PROBLEM STATEMENT: The data below must be copied in full and without any change.

[Collected data]
★ ★ ★ ★ ★ ★ ★
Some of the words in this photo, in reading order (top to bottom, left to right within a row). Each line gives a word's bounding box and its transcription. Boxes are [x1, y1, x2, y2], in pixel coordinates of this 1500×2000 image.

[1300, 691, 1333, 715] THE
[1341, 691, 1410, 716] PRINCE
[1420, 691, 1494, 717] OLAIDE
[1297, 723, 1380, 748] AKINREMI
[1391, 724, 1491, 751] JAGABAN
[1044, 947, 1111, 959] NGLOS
★ ★ ★ ★ ★ ★ ★
EXERCISE OUTPUT:
Some of the words in this photo, in reading order (top to bottom, left to right within a row). Each line gives a word's bounding box and its transcription. Boxes are [x1, y1, x2, y2], in pixel coordinates of this 1500×2000 image.

[1300, 691, 1333, 715] THE
[1341, 691, 1410, 716] PRINCE
[1420, 691, 1494, 717] OLAIDE
[1297, 723, 1380, 748] AKINREMI
[1391, 724, 1491, 751] JAGABAN
[1044, 947, 1111, 959] NGLOS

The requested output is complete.